Когда случилось первое вооруженное столкновение, священнослужитель тут же собрался и, повесив на дверь часовни большой замок, бежал ночью в неизвестном направлении, по-тихому, даже Скулду ничего не сказав.
…И каждый вечер Скулд садился за стол и начинал перечитывать газеты и свои трудноразборчивые дневниковые записи, и каким-то невероятным, нечеловеческим усилием воли заставлял себя искать ответы на несуществующие вопросы. Отчего так случилось?.. Что с нами произошло и происходит?..
А началось всё с громкого, скандального, потрясшего всю страну судебного разбирательства над археологами и примкнувшими к ним Вольными учеными.

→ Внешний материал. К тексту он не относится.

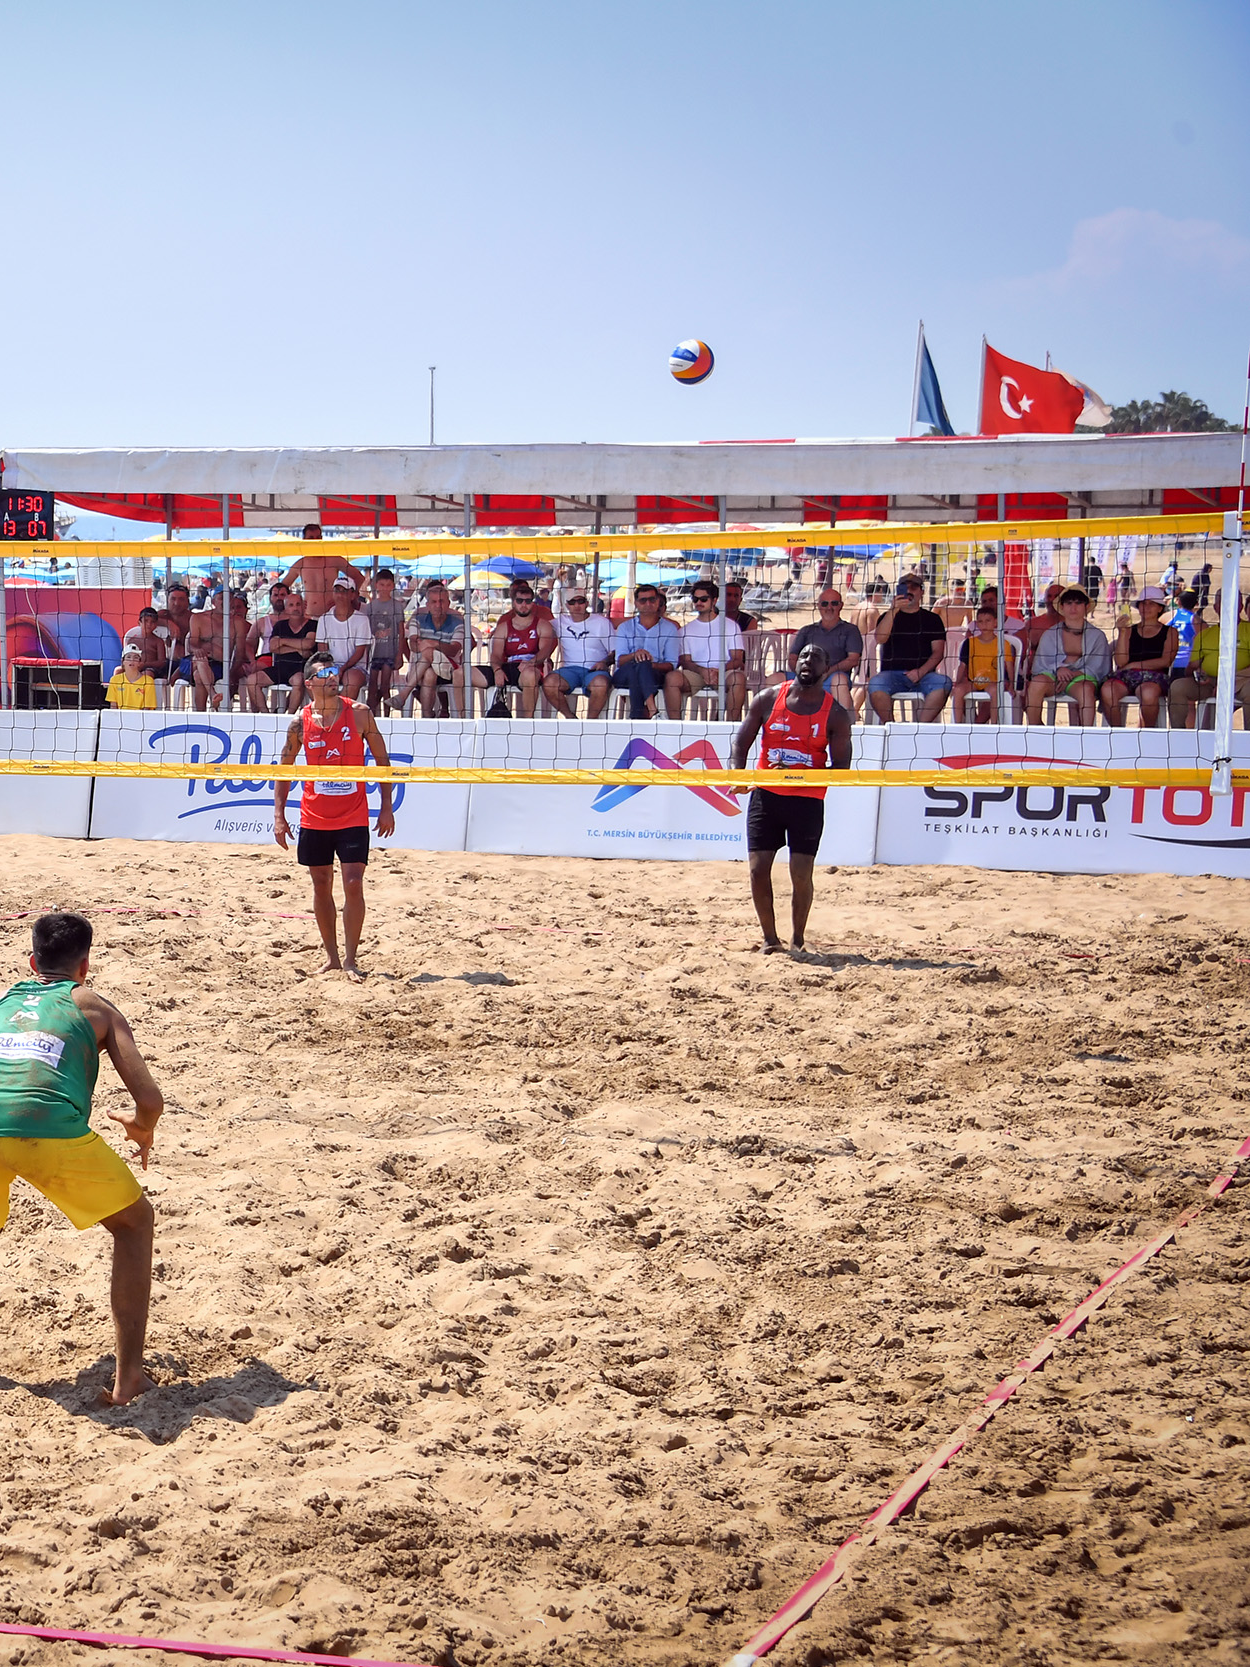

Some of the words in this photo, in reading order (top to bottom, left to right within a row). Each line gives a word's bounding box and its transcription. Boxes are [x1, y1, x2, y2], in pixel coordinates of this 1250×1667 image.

[8, 495, 43, 513] 11:30
[3, 511, 10, 521] A
[34, 512, 40, 522] B
[3, 519, 17, 537] 13
[27, 520, 47, 537] 07
[528, 629, 536, 638] 2
[341, 726, 351, 742] 2
[811, 723, 820, 738] 1
[923, 785, 1110, 824] SPOR
[213, 819, 264, 834] Alışveriş
[924, 822, 1000, 835] TEŞKİLAT
[1008, 825, 1109, 839] BAŞKANLIĞI
[587, 829, 601, 837] T.C.
[603, 828, 636, 838] MERSİN
[638, 830, 693, 841] BÜYÜKŞEHİR
[695, 832, 742, 842] BELEDİYESİ

Случилось это за полгода до вооруженного восстания. Археологи откопали в непосредственной близости от города фрагменты каких-то подземных строений, сверху напоминавших лабиринт.
Поводом к началу раскопок послужило еще ранее высказанное предположение инакомыслящего ученого Дантелиима Эзида о том, что люди в прошлом строили города, похожие на лабиринты. Далее Эзид высказал предположение, что города-лабиринты связаны с существованием высокоразвитой космической инопланетной цивилизации, жители которой были уничтожены другими соседствующими с ними цивилизациями – из-за зависти и недоразвитости.
Еще за пятнадцать лет до начала раскола Дантелиим Эзид написал небольшую книгу «Зов лабиринтов, или Введение в Лабиристику», которая была приобщена к делу по обвинению археологов в подрыве основ государственности и разложении базы государственной науки. Книга эта считалась в принципе запрещенной. Ее просто запретили. Хотя нашлись и последователи, и ученые-энтузиасты, за свой счет принявшиеся разрабатывать странное, непонятное никому учение о лабиринтах.